This was the first sign of life from a moribund government in a long time. It has become quite unusual to see the ruling Nepali Congress being proactive: and there it was the government meeting a longstanding Maoist precondition for talks by releasing the names and whereabouts of their captured comrades as a prelude to releasing them. Suddenly, there are fresh hopes for talks again. "We've done everything needed to create an appropriate environment for talks," Ram Chandra Poudel said on Tuesday. "I've made the request, they now have to establish contact."
The 300-plus names on the list include those under preventive detention and in jail. But conspicuous by his absence is well-known Maoist Danda Pani Neupane. The government explanation is that those not on the list could be those arrested under aliases, or unidentified rebels killed in 'encounters', or those killed by the Maoists themselves in internal purges. (The government has also asked that the rebels reveal the whereabouts of 131 people abducted by the Maoists.)
The government move follows close on the heels of the announcement of the Maoists' new Prachanda Path doctrine that lays down a new direction in their revolution that many saw as a mellowing of their previous hardline position. The government had to respond, and what better than to make public this list. For his part, Poudel admitted he couldn't figure out Chairman Prachanda: "We see confusion in Maoist thinking, they have to be clear about their position for talks. Sugar-coated words alone will not do." Depending on how the Maoists respond to this government overture, the plan is to have informal meetings to iron out preliminaries like logistics, naming of delegates and deciding the agenda. That would lead to round two-of real political bargaining.
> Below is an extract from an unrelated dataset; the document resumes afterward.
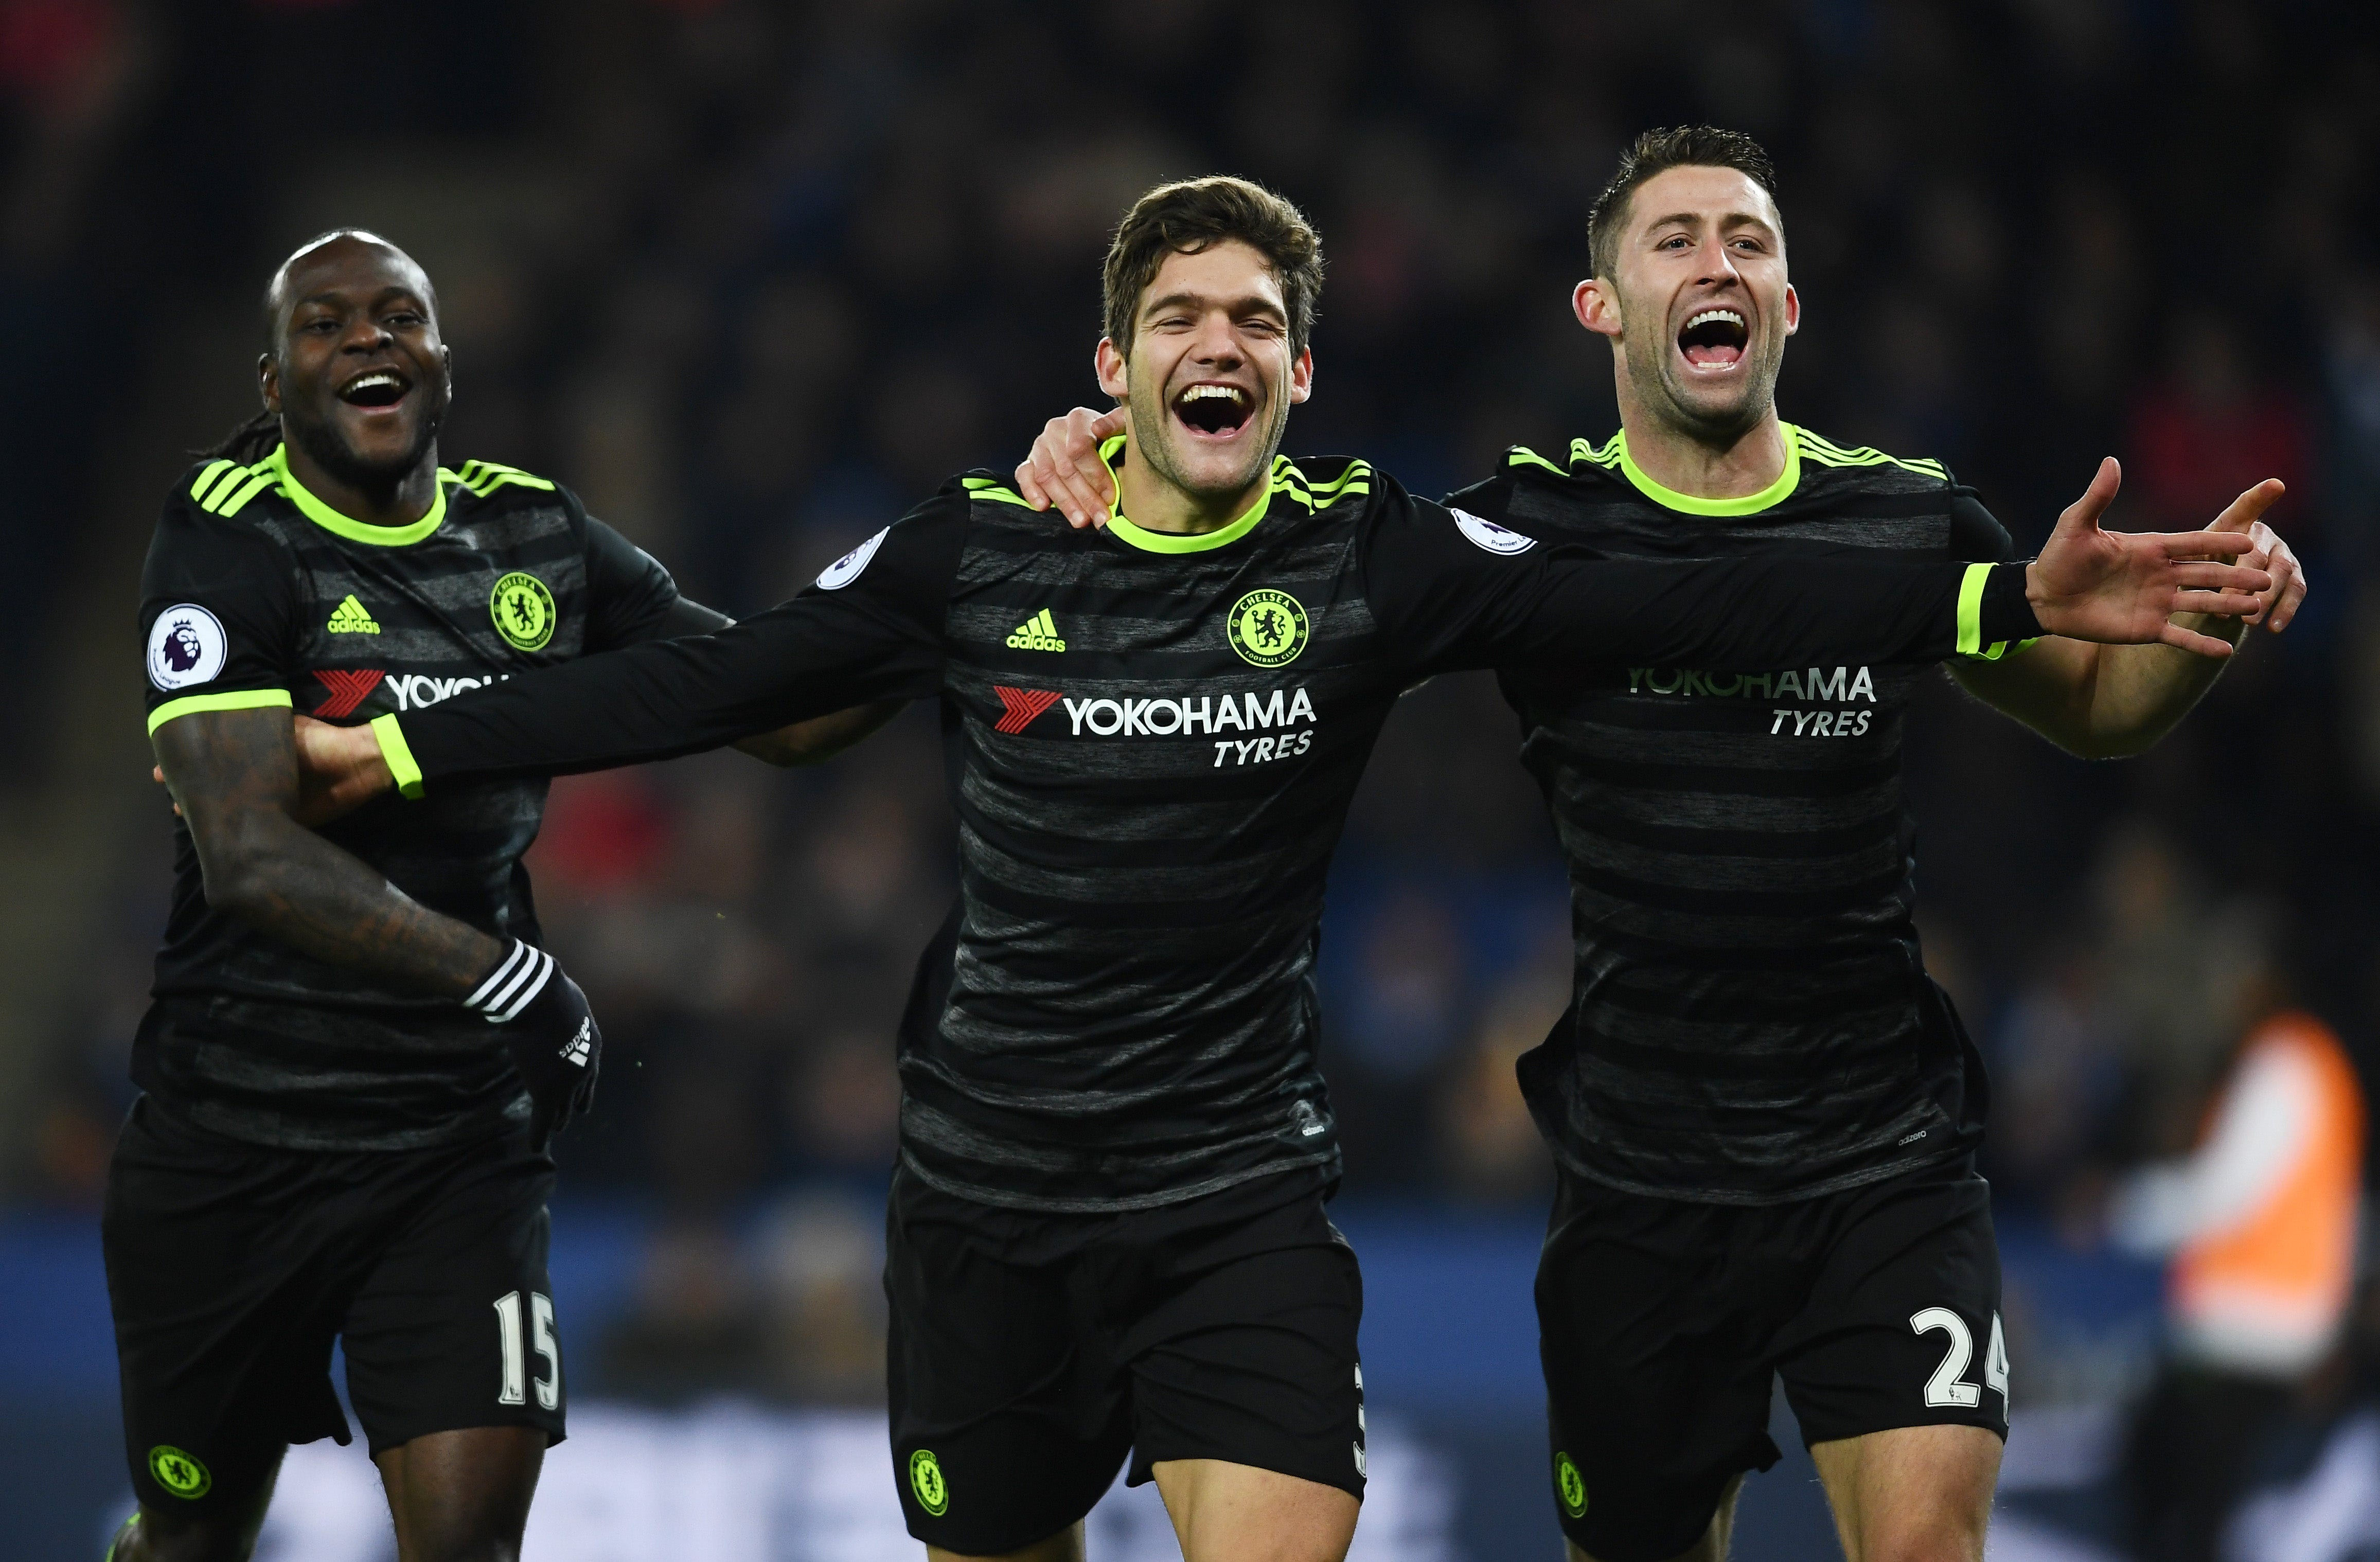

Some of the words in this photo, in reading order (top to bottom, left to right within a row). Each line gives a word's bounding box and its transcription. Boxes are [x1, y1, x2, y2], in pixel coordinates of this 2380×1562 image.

Human rights groups have named a team of five consisting of Padma Ratna Tuladhar, Daman Nath Dhungana, Sindhu Nath Pyakurel, Sudip Pathak and Gauri Pradhan to facilitate peace talks. But no one has any illusions that the negotiations will be long and arduous, and will probably be accompanied by some escalation in violence. "I sense better preparedness in the government, which is a positive sign," says Gopal Siwakoti Chintan, a human rights activist and lawyer. "At best they may meet and agree on a code of conduct for conducting the insurgency and counter-insurgency. Politically the two sides are still poles apart."
Going by Prachanda Path, the Maoists now want an all-party interim government to rewrite the constitution. That would integrate them into the power structure, giving more say in whatever happens thereafter. It is unlikely the government will agree to that because it says Nepal's constitutional monarchy and parliamentary democracy are non-negotiable. While some see the demand for an interim government as softening of the earlier Maoist stand, the new Maoist doctrine adds an "armed mass struggle" to its strategy. Some analysts read this as a classic Maoist "hammer-and-anvil" plan to spread chaos and confusion in urban areas, forcing the government to spread its forces more thinly. Adding an urban insurrection to its rural base areas would make a deadly combination that could be used as a bargaining chip to push through its demands for constitutional change.
The official toll: 1563 dead-1018 Maoists, 278 civilians, and 267 police personnel.